* Exercise prompt
Retype the records exactly, with nothing added or dropped.

* Dataset content

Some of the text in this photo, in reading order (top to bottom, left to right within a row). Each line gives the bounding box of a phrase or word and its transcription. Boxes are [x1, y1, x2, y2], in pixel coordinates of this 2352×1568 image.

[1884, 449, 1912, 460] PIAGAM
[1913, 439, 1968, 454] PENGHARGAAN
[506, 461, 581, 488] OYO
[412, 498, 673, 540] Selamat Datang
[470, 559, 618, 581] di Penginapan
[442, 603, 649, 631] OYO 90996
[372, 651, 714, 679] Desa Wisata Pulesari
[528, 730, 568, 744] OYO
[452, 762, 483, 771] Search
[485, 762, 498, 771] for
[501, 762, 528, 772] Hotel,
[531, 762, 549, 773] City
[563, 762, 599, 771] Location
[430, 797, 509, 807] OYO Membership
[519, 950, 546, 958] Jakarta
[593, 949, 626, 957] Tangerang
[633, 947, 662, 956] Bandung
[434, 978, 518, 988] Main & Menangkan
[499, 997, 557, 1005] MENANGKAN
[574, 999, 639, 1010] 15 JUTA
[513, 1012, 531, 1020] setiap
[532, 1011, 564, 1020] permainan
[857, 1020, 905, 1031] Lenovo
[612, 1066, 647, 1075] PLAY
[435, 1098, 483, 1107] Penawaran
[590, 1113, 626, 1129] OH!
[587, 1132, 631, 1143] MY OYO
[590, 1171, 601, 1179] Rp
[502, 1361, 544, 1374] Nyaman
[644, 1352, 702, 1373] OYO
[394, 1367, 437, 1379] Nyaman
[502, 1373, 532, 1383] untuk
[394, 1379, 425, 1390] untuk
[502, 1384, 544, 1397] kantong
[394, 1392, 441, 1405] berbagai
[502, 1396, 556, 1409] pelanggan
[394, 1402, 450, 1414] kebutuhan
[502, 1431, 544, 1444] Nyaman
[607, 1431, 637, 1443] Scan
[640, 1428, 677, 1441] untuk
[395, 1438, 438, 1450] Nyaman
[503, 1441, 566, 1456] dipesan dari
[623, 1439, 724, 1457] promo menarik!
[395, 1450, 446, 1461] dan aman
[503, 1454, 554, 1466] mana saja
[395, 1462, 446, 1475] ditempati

* Solved problem
Some of the text in this photo, in reading order (top to bottom, left to right within a row). Each line gives the bounding box of a phrase or word and its transcription. Boxes are [x1, y1, x2, y2], in pixel coordinates of this 2352×1568 image.

[1884, 449, 1912, 460] PIAGAM
[1913, 439, 1968, 454] PENGHARGAAN
[506, 461, 581, 488] OYO
[412, 498, 673, 540] Selamat Datang
[470, 559, 618, 581] di Penginapan
[442, 603, 649, 631] OYO 90996
[372, 651, 714, 679] Desa Wisata Pulesari
[528, 730, 568, 744] OYO
[452, 762, 483, 771] Search
[485, 762, 498, 771] for
[501, 762, 528, 772] Hotel,
[531, 762, 549, 773] City
[563, 762, 599, 771] Location
[430, 797, 509, 807] OYO Membership
[519, 950, 546, 958] Jakarta
[593, 949, 626, 957] Tangerang
[633, 947, 662, 956] Bandung
[434, 978, 518, 988] Main & Menangkan
[499, 997, 557, 1005] MENANGKAN
[574, 999, 639, 1010] 15 JUTA
[513, 1012, 531, 1020] setiap
[532, 1011, 564, 1020] permainan
[857, 1020, 905, 1031] Lenovo
[612, 1066, 647, 1075] PLAY
[435, 1098, 483, 1107] Penawaran
[590, 1113, 626, 1129] OH!
[587, 1132, 631, 1143] MY OYO
[590, 1171, 601, 1179] Rp
[502, 1361, 544, 1374] Nyaman
[644, 1352, 702, 1373] OYO
[394, 1367, 437, 1379] Nyaman
[502, 1373, 532, 1383] untuk
[394, 1379, 425, 1390] untuk
[502, 1384, 544, 1397] kantong
[394, 1392, 441, 1405] berbagai
[502, 1396, 556, 1409] pelanggan
[394, 1402, 450, 1414] kebutuhan
[502, 1431, 544, 1444] Nyaman
[607, 1431, 637, 1443] Scan
[640, 1428, 677, 1441] untuk
[395, 1438, 438, 1450] Nyaman
[503, 1441, 566, 1456] dipesan dari
[623, 1439, 724, 1457] promo menarik!
[395, 1450, 446, 1461] dan aman
[503, 1454, 554, 1466] mana saja
[395, 1462, 446, 1475] ditempati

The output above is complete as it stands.